=== MATERIAL PROVIDED ===
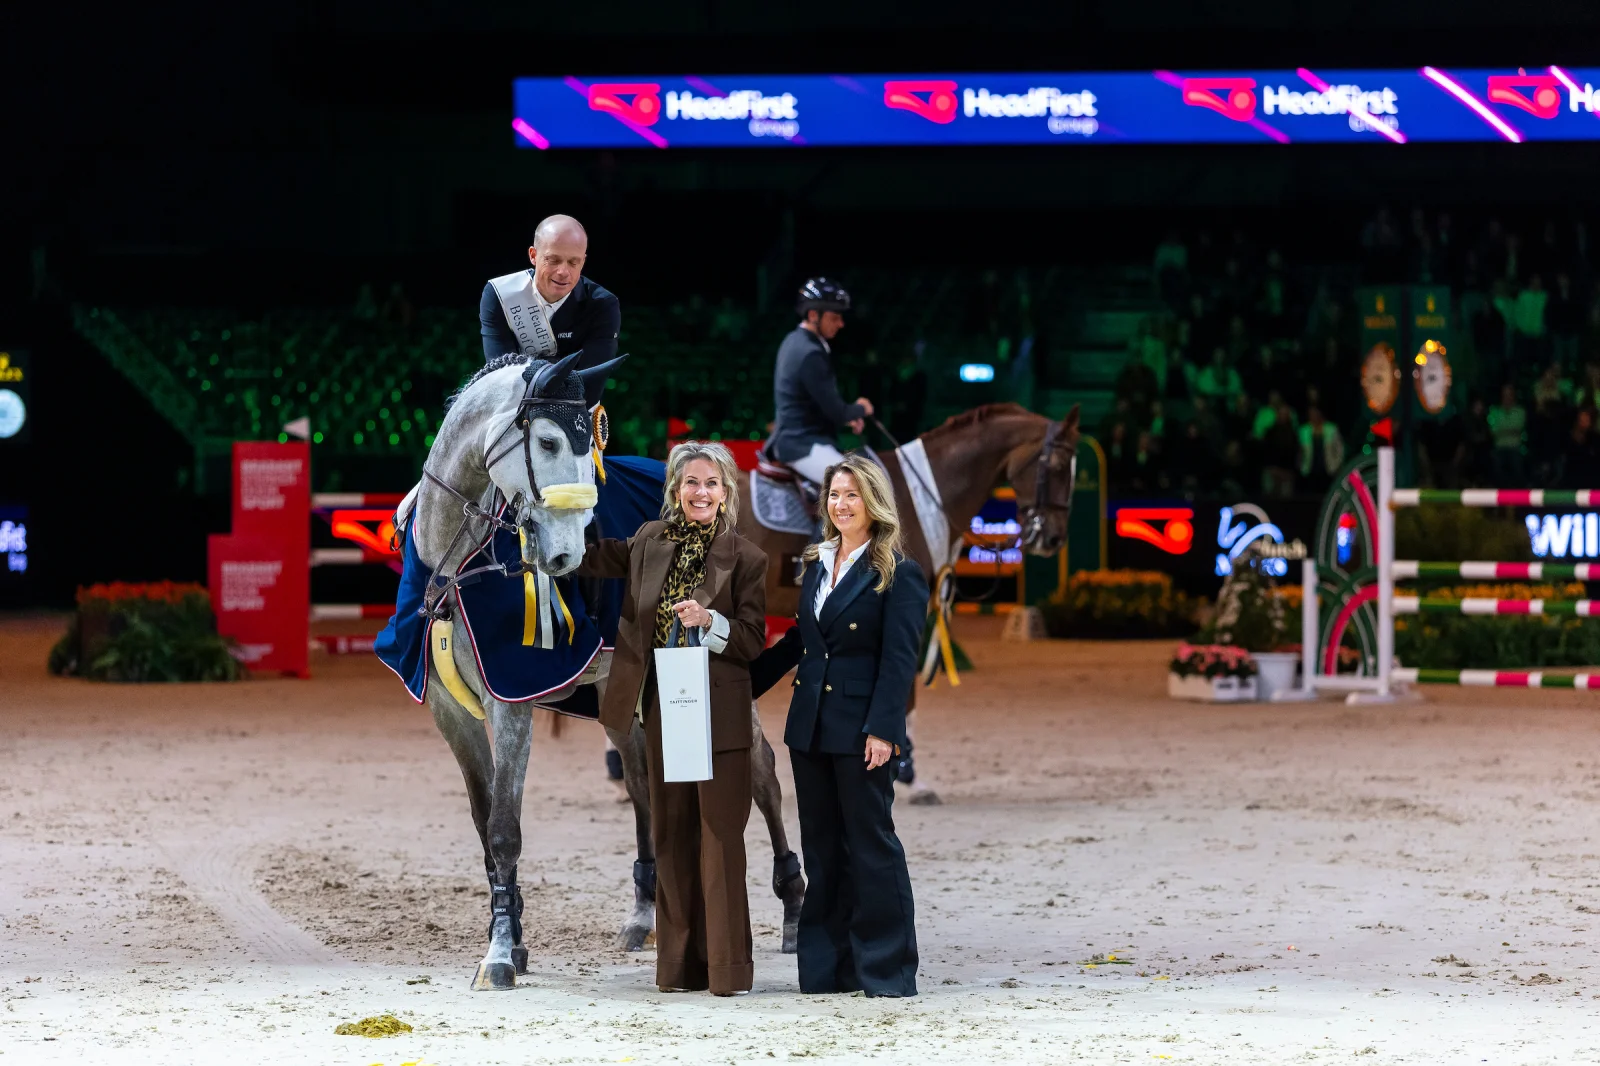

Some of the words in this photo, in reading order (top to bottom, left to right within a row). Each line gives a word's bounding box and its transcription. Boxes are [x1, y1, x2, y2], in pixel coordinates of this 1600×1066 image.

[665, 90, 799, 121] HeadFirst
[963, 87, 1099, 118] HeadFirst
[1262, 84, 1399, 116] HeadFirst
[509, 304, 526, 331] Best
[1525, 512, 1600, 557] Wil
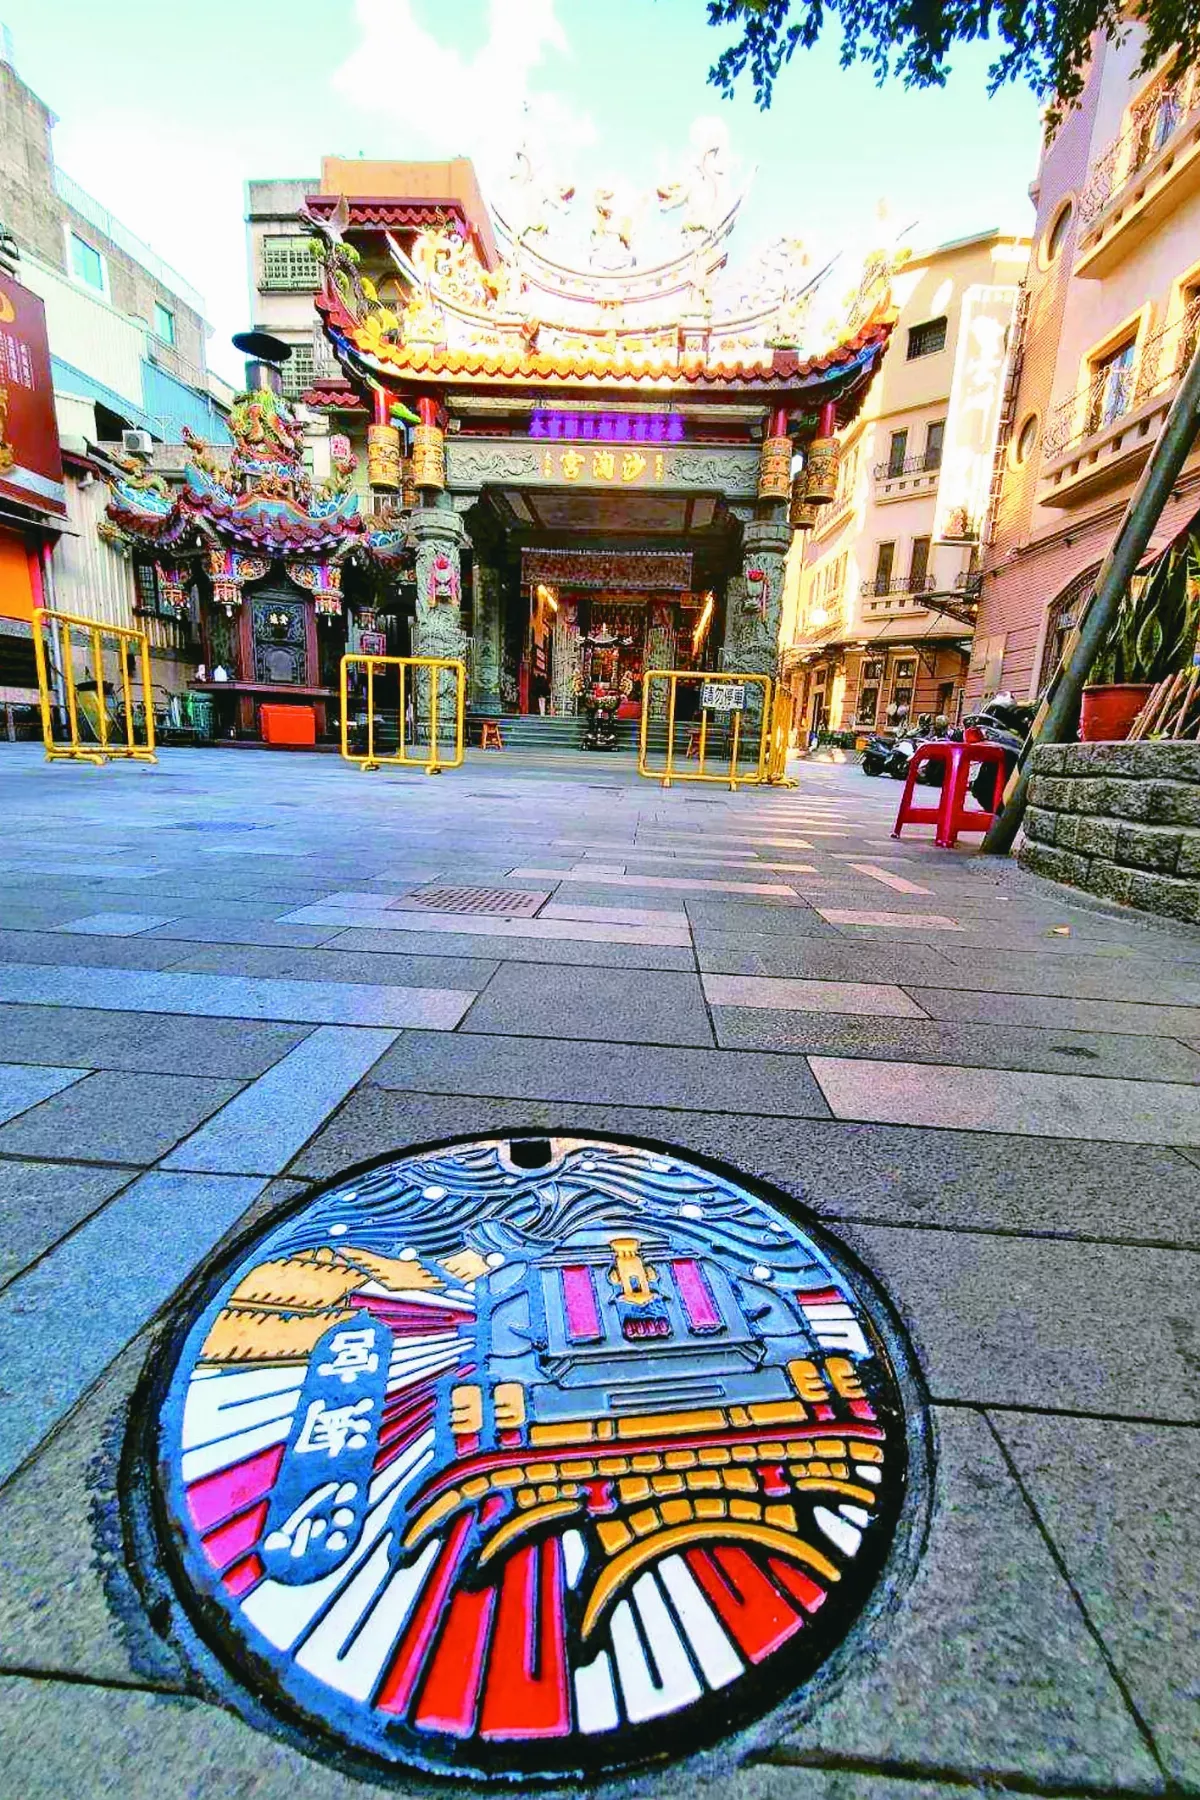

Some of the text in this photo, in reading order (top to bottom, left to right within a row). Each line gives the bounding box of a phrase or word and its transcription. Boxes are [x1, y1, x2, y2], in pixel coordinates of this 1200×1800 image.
===
PROBLEM TO WORK ON –
The answer must match the entries above line for line, with the pictures dropped.

ANSWER TO THIS PROBLEM –
Some of the words in this photo, in reading order (top to bottom, left to right within a row). Each line gives a word's bounding box and its transcription. Boxes are [x1, y1, x2, y2], in pixel coordinates of this 1600×1066 image.

[665, 90, 799, 121] HeadFirst
[963, 87, 1099, 118] HeadFirst
[1262, 84, 1399, 116] HeadFirst
[509, 304, 526, 331] Best
[1525, 512, 1600, 557] Wil

Some of the text in this photo, in reading order (top to bottom, left to right within a row). Each line gives the bounding box of a phrase or word and its transcription. Boxes are [x1, y1, x2, y2], in pixel coordinates of this 1200×1800 image.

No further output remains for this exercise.